## What is expected
Locate the line that contains "this 1440×1280 image.". Print it and each following line through the end of the listing, verbatim, and nothing more.

## Provided information
▬▬▬▬▬▬

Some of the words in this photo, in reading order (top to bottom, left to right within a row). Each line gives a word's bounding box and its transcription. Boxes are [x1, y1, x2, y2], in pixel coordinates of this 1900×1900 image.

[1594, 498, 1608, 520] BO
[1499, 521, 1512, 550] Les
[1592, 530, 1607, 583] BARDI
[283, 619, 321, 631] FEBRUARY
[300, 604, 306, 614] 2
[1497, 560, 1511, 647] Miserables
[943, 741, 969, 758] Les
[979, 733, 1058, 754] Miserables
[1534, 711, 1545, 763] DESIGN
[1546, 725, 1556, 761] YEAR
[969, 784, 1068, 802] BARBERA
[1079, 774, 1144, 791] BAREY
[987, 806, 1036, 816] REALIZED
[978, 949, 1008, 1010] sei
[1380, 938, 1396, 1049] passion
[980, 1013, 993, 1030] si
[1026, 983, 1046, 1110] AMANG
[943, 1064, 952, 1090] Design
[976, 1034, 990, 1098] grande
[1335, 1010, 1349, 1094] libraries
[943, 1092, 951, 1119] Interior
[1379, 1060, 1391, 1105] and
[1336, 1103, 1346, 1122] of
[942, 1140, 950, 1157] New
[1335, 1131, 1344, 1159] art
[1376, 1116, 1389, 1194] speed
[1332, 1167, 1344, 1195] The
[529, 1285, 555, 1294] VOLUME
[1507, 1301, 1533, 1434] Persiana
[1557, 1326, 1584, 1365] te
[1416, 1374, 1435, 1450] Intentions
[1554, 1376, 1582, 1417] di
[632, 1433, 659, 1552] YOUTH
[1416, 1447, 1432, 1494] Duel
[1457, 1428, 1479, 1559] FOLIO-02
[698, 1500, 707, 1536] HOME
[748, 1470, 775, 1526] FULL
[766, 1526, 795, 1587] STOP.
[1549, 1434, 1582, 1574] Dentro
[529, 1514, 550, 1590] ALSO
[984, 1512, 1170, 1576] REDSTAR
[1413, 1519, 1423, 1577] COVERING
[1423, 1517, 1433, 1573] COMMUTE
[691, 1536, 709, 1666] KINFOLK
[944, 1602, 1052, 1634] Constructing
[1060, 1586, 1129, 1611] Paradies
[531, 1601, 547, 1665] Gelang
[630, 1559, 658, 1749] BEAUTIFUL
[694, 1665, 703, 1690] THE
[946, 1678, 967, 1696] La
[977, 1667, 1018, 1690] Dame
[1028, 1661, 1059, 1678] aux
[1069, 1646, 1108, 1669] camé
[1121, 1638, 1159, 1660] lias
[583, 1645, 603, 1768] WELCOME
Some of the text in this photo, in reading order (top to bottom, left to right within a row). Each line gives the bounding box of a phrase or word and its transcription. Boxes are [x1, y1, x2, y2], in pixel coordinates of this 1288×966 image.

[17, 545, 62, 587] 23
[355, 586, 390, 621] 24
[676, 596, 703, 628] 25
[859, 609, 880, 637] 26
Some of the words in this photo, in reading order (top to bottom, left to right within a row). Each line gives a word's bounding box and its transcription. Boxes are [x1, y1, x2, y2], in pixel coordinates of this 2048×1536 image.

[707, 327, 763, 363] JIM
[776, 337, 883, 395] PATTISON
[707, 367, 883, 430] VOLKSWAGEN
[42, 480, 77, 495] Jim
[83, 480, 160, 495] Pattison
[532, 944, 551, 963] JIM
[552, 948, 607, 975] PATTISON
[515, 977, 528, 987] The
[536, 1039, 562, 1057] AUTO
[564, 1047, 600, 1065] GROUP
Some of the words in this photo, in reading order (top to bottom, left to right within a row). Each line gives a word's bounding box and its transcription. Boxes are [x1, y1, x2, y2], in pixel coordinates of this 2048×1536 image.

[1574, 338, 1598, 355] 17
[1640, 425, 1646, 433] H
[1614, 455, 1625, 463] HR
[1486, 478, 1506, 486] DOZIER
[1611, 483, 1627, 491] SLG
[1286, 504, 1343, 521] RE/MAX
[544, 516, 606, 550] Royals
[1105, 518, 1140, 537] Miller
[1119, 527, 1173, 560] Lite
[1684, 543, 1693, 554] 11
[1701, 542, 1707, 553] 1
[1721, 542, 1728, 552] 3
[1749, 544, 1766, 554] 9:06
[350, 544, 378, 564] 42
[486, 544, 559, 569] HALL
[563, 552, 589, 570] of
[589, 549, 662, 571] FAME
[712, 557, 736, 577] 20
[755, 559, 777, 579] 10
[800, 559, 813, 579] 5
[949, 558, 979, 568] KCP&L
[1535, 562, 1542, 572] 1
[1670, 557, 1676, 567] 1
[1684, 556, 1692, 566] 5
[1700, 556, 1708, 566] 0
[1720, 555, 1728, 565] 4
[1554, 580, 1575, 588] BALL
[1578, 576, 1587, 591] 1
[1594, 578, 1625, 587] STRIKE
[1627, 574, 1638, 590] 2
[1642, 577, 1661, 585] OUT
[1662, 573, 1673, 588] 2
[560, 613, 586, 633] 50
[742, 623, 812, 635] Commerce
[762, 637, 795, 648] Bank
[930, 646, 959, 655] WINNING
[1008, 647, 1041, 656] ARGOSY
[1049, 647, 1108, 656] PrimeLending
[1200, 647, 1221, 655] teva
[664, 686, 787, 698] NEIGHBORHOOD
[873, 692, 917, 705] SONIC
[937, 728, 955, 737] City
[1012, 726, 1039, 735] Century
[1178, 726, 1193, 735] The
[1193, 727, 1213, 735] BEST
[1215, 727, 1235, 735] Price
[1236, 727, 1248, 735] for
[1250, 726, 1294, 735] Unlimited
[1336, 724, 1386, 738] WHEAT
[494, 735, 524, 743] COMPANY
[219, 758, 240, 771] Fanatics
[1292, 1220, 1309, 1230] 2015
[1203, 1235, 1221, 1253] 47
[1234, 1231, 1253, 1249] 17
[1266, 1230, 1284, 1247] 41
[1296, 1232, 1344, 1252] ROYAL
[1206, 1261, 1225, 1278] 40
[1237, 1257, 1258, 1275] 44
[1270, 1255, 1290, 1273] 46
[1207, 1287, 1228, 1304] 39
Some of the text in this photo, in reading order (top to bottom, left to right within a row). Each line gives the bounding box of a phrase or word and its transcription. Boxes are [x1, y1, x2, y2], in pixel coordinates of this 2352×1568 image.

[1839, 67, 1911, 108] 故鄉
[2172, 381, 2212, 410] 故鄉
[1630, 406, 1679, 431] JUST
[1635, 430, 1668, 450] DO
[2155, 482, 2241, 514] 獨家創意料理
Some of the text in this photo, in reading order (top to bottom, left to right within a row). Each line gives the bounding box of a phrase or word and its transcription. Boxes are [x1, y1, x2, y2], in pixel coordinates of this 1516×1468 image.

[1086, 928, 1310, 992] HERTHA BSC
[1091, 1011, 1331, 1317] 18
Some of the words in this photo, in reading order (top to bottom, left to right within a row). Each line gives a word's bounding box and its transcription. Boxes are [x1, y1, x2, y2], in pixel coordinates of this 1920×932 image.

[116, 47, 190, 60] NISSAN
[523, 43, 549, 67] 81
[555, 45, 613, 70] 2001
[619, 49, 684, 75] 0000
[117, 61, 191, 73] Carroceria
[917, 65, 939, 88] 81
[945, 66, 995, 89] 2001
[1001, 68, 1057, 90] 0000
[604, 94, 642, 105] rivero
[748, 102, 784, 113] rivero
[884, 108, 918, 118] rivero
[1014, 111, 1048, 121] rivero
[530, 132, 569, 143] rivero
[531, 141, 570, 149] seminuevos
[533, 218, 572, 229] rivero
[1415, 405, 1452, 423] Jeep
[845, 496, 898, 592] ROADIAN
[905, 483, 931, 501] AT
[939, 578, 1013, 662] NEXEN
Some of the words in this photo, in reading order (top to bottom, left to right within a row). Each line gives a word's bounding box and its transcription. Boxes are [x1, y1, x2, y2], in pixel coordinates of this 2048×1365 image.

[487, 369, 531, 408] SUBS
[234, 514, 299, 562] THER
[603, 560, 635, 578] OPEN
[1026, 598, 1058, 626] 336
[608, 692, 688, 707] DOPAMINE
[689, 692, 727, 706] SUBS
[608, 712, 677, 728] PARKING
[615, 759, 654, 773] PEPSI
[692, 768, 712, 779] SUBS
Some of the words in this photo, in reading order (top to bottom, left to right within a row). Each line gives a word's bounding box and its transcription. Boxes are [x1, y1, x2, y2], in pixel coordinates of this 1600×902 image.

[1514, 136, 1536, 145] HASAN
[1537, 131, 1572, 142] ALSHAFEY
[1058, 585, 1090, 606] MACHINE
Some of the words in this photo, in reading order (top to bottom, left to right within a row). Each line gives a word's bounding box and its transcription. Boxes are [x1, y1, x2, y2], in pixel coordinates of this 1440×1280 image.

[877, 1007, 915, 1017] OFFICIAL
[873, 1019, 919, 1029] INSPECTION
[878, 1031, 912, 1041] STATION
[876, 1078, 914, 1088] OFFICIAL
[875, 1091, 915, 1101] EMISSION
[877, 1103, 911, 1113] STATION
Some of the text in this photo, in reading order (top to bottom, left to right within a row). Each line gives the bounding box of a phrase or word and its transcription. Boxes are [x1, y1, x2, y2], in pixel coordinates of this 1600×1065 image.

▬▬▬▬▬▬

## Exercise answer
Some of the words in this photo, in reading order (top to bottom, left to right within a row). Each line gives a word's bounding box and its transcription. Boxes are [x1, y1, x2, y2], in pixel coordinates of this 1440×1280 image.

[877, 1007, 915, 1017] OFFICIAL
[873, 1019, 919, 1029] INSPECTION
[878, 1031, 912, 1041] STATION
[876, 1078, 914, 1088] OFFICIAL
[875, 1091, 915, 1101] EMISSION
[877, 1103, 911, 1113] STATION
Some of the text in this photo, in reading order (top to bottom, left to right within a row). Each line gives the bounding box of a phrase or word and its transcription. Boxes are [x1, y1, x2, y2], in pixel coordinates of this 1600×1065 image.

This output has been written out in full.